Please restate the entries verbatim. The copy should hold no pictures.

=======

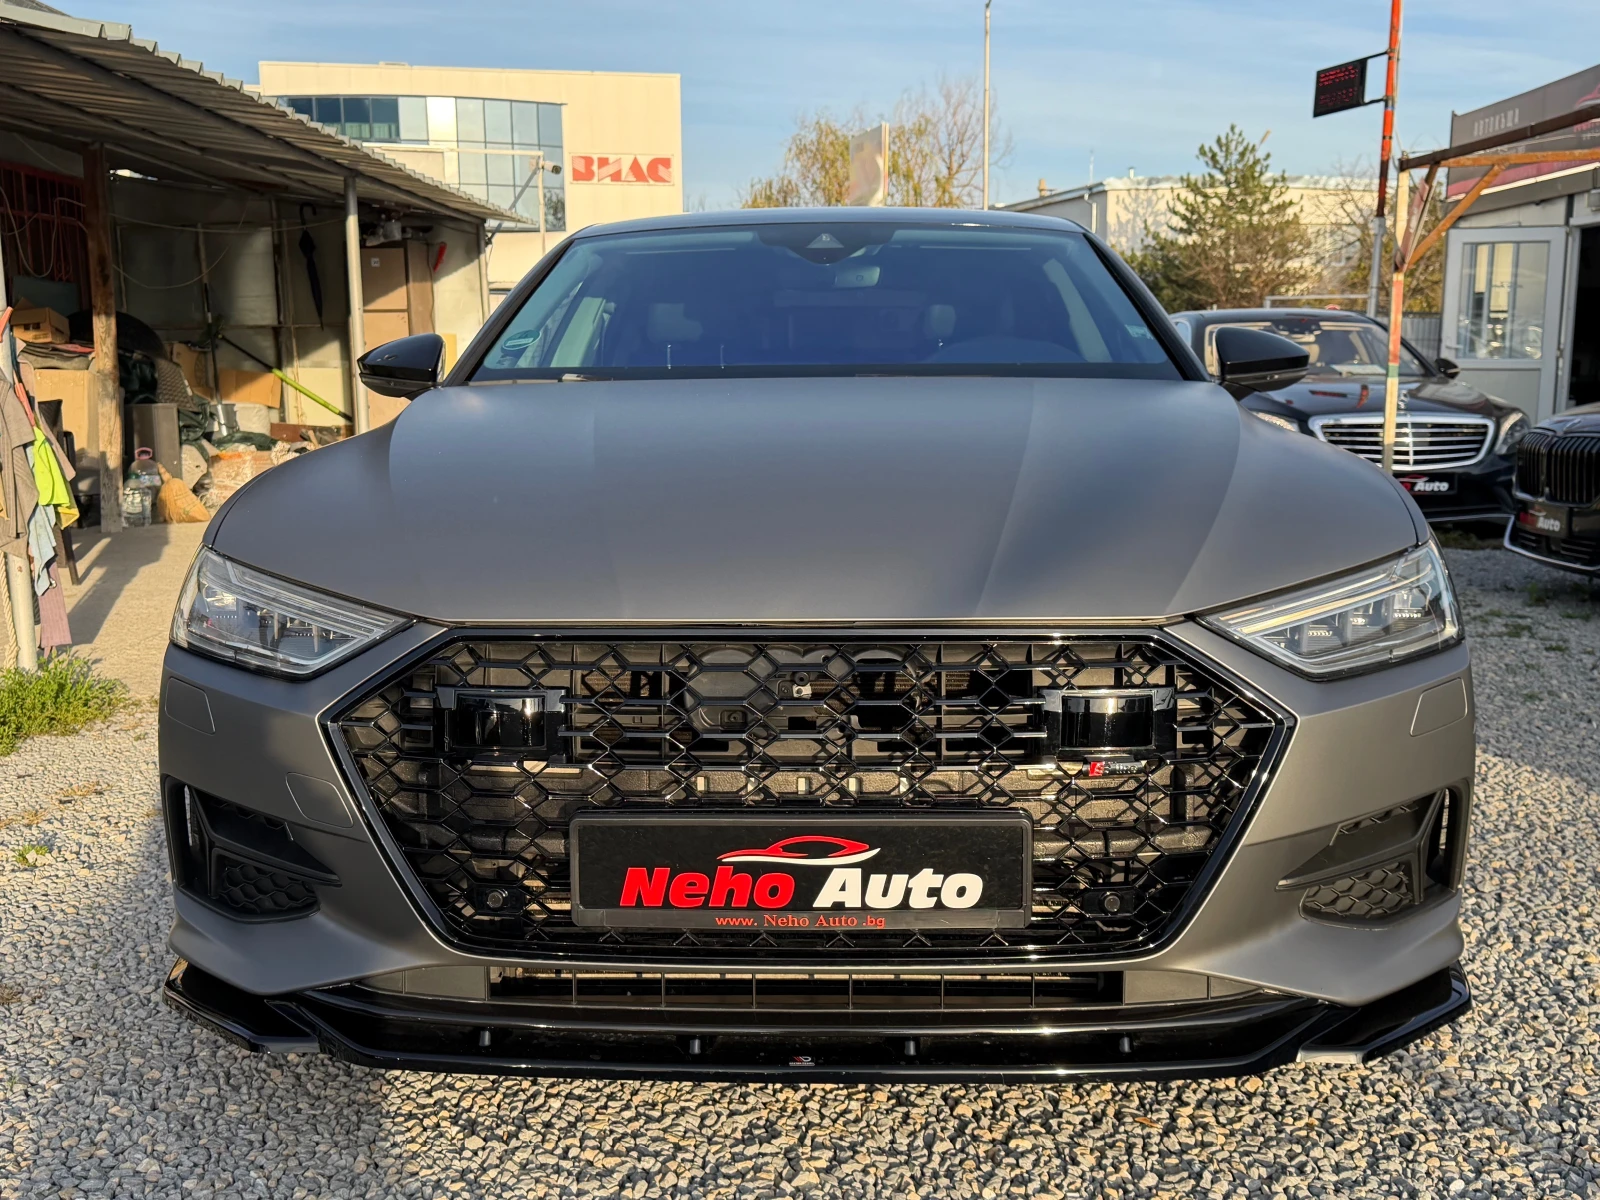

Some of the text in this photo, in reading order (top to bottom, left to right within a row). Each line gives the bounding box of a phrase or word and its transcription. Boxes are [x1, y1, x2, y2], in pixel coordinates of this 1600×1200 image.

[1413, 481, 1450, 492] Auto
[1537, 516, 1561, 532] Auto
[620, 865, 984, 909] Neho Auto
[715, 914, 886, 928] www. Neho Auto .bg

=======

* Answer box
Some of the text in this photo, in reading order (top to bottom, left to right within a row). Each line gives the bounding box of a phrase or word and its transcription. Boxes are [x1, y1, x2, y2], in pixel coordinates of this 1600×1200 image.

[1413, 481, 1450, 492] Auto
[1537, 516, 1561, 532] Auto
[620, 865, 984, 909] Neho Auto
[715, 914, 886, 928] www. Neho Auto .bg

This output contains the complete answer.